Talk about Spectropol, too, what’s the deal with those guys?
It’s awesome. It’s basically one guy. It’s based in Washington, it’s a netlabel, and he releases pretty much whatever he likes. But he likes stuff that’s really hard to categorize, polystyle, really into a vast spectrum of music. Everything on the label… the only thing that it has in common is that it’s outside the mainstream.
How’d you find it?
He found me. I posted something on a microtonal forum and he listened to it, and he listened to my Bandcamp and he was like, “Hey I really like the new microtonal stuff you’re doing! Can you make more and I’ll put it out?”
So cool. And you put up Trillopod right?
Yeah, I think that’s what he heard.
So you’re a pioneer, basically.
Well, I mean, a lot of people have written microtonal music.
You’re so humble.
Well, this stuff actually has a tradition that started with Ives, he was kind of the first, and then there’s Partch, and for like fifty years there were only two or three dudes. Then Lou Harrison and Ben Jonhston. In the eighties there was this guy Ivor Darreg who really started the equal temperament movement.
Now, I don’t think there’s really a celebrity microtonal composer like those guys. You could argue Toby Twining, Wolfgang maybe in some way, there’s Kraig Grady, who’s actually an LA guy but he lives in Australia now, he’s doing a lot of JI scales. Probably the most important musical theorist, at least in terms of microtonality, is Erv Wilson. A documentary just came out about him called Sonic Sky, it’s pretty cool. A lot of people studied with him, I think he lived in Mexico and just taught out of his house. I mean it was all oral tradition. I think he wrote some papers for some people, but it’s basically information that was all just passed on.
He was really big with what are called MOS scales, which stands for “moments of symmetry”. It’s more like a formula that he came up with. You have a generator, the size of the interval that you stack on top of itself to create the scale. So in 12-tone equal temperament the generator is 700 cents, a 5th is 700 cents. A period, which is what you reduce it to, so an octave, and then it has to have two step sizes. So like we have semitones and whole tones and you get all of the intervals from that. Those are the only three requirements. And you can have different MOS scales within different divisions of the octave. He was a really important theorist in that sense.
So yeah, Kraig Grady, Toby Twining… There’s this guy Aron Kallay. He’s a microtonal pianist, and he’s associated with this organization in Chicago called UnTwelve. They’re really great, it’s run by this guy named Aaron Johnson. So there’s little things like that, these little pockets…
Which are expanding.
Which are expanding. Absolutely. And I believe CalArts is one of those places. Which is great.
CalArts is definitely one of those places. I mean, if anything, all this is like an easy way to be different.
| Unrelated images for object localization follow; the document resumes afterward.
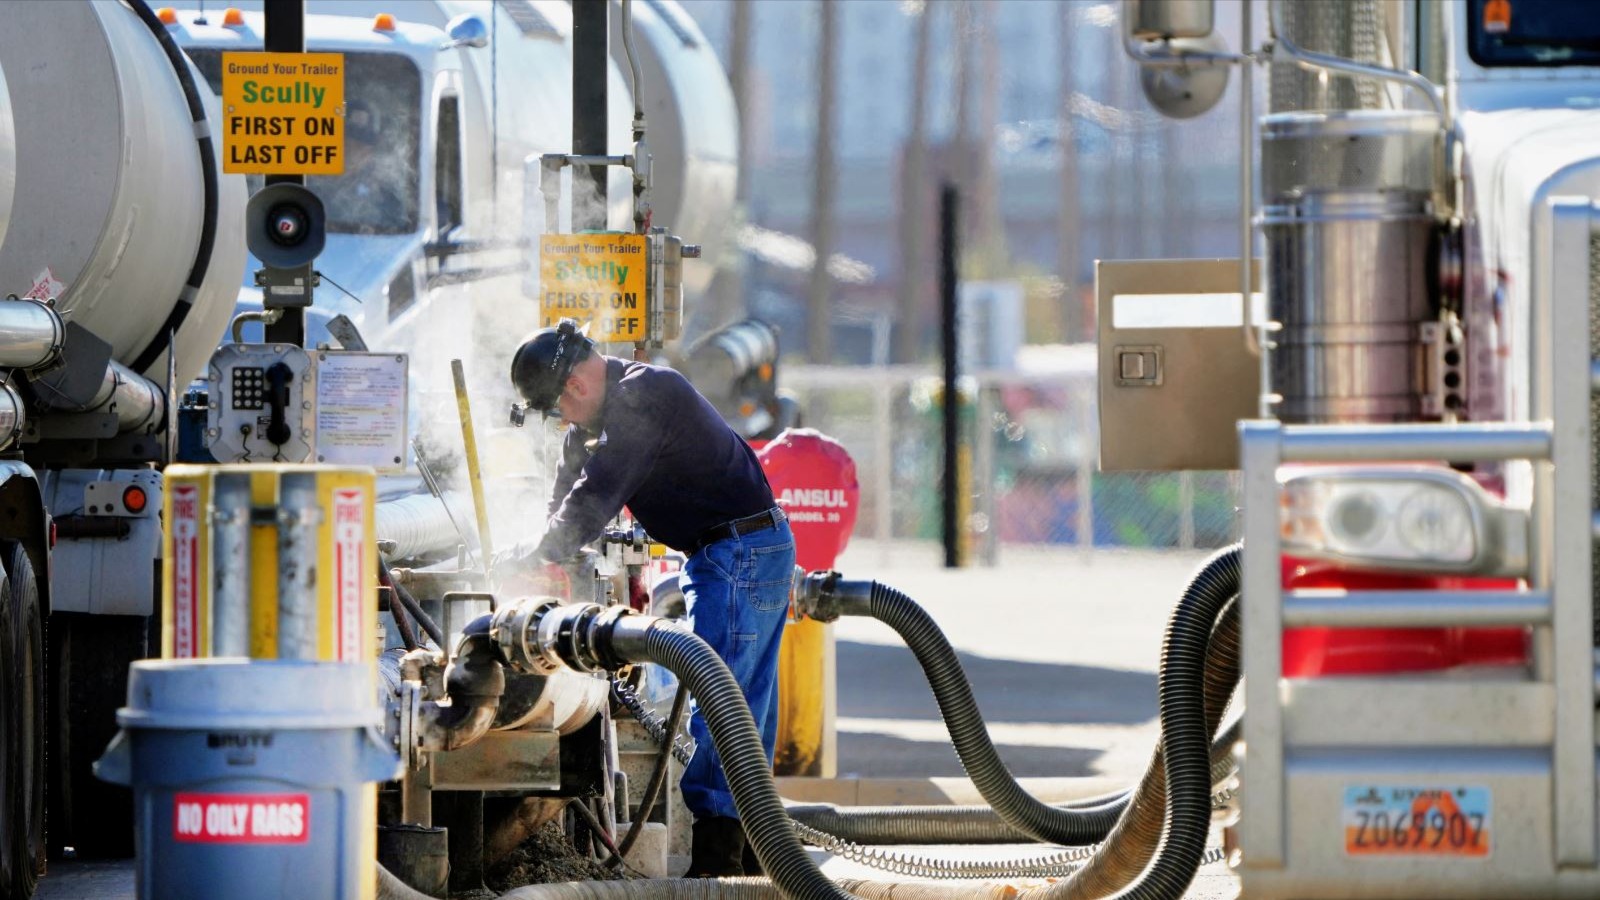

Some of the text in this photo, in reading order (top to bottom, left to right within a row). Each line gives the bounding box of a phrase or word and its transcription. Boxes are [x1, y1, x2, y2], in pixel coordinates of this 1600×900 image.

[228, 63, 339, 75] Ground Your Trailer
[242, 80, 326, 109] Scully
[231, 116, 335, 136] FIRST ON
[231, 145, 337, 165] LAST OFF
[544, 243, 642, 255] Ground Your Trailer
[545, 292, 637, 309] FIRST ON
[601, 317, 639, 335] OFF
[780, 488, 848, 508] ANSUL
[788, 511, 825, 523] MODEL
[177, 802, 304, 838] NO OILY RAGS
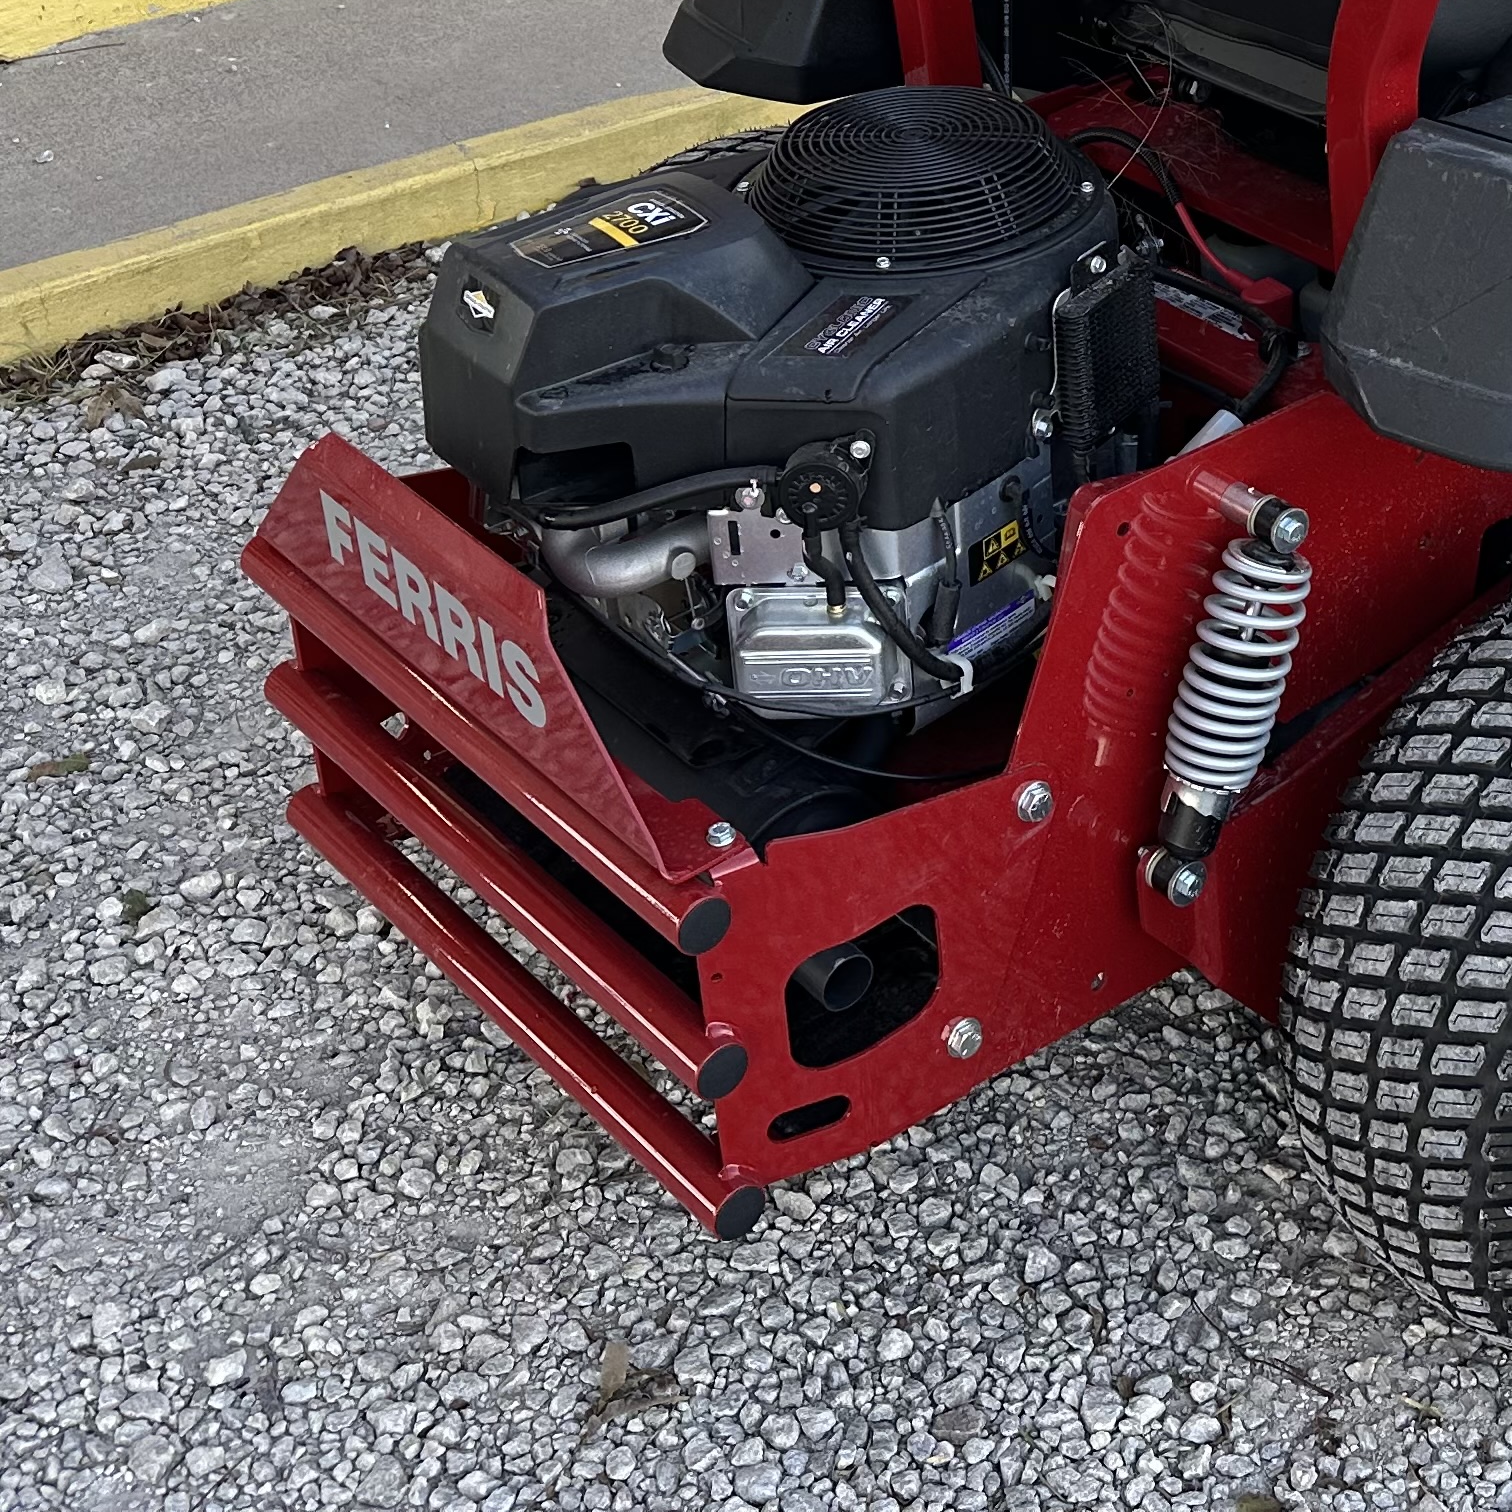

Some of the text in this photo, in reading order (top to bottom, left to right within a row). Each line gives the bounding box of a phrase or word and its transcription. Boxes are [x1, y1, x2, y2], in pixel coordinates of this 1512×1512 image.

[602, 210, 649, 235] 2700
[818, 298, 886, 354] AIR CLEANER
[319, 488, 547, 729] FERRIS
[780, 666, 874, 687] OHV
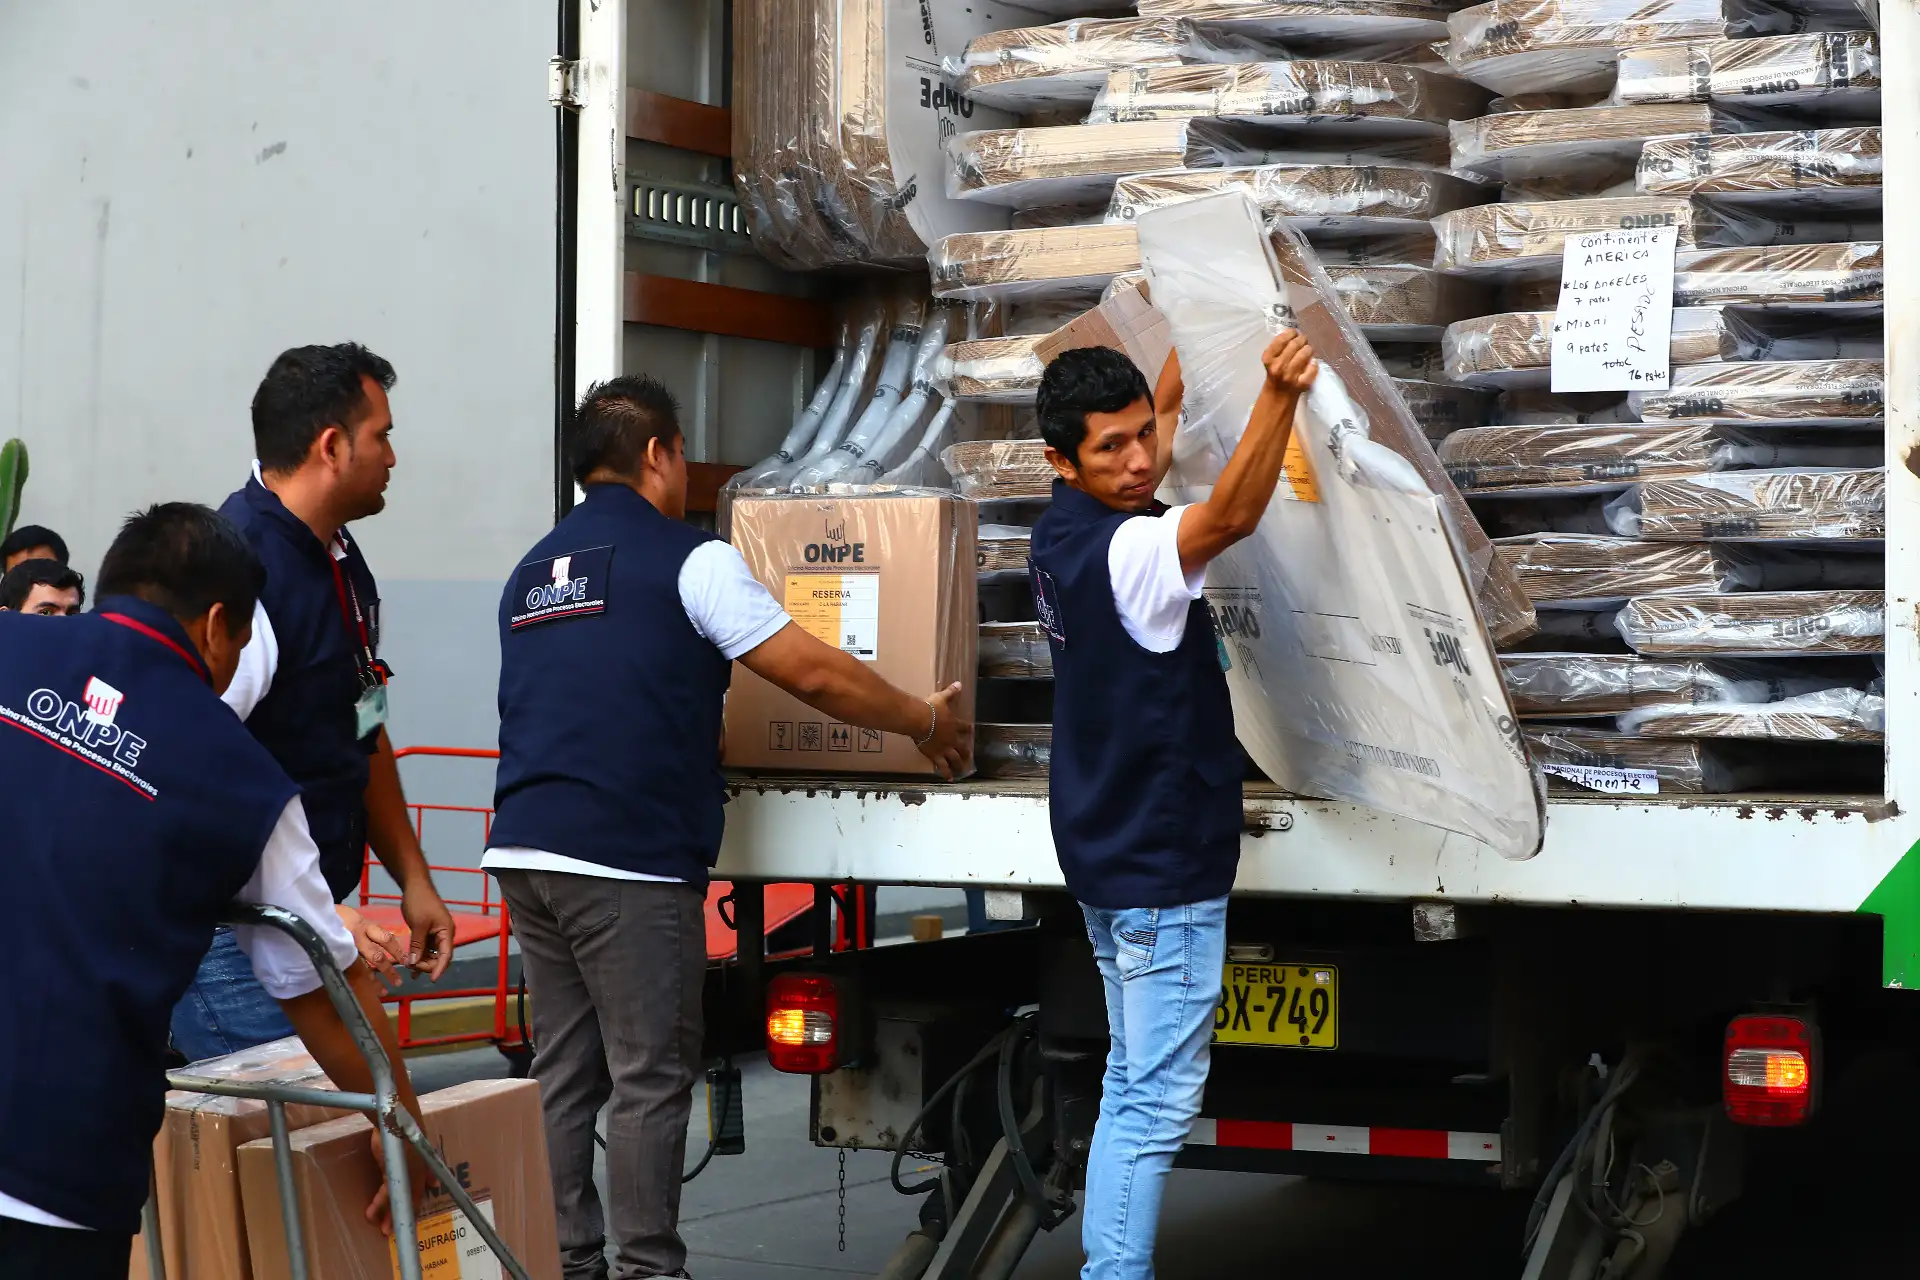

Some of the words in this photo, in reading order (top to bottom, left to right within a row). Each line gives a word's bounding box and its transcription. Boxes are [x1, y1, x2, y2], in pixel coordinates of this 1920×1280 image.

[1742, 78, 1799, 95] ONPE
[920, 77, 974, 119] ONPE
[1620, 212, 1675, 230] ONPE
[1574, 297, 1582, 305] 7
[1566, 342, 1575, 353] 9
[804, 542, 865, 563] ONPE
[526, 577, 588, 609] ONPE
[812, 589, 852, 599] RESERVA
[552, 604, 574, 612] Procesos
[575, 600, 604, 608] Electorales
[1772, 615, 1831, 638] ONPE
[27, 688, 147, 768] ONPE
[0, 704, 20, 721] icina
[20, 714, 61, 741] Nacional
[60, 736, 73, 747] de
[72, 741, 113, 768] Procesos
[112, 762, 159, 797] Electorales
[1584, 768, 1592, 776] DE
[1593, 769, 1627, 779] PROCESOS
[1233, 967, 1285, 984] PERU
[419, 1227, 467, 1252] SUFRAGIO
Exactly! It helps a lot, really.
Are there scales out there that have never been written in?
Oh yeah. Totally. And you can make your own scale, and put your name on it and throw it up on the Xenharmonic wiki, and that is your scale. It’s like naming stars.
Is there anything else you want to say that we haven’t touched on about this beautiful work of art that you’ve put out into the world from your soul unto reality?
I hope people listen to it, and I hope people other than microtonalists enjoy it to a certain extent. And if you’re a musician or a composer, try retuning your instruments to something weird and see if you can make something out of it, and you’ll probably be inspired like I was.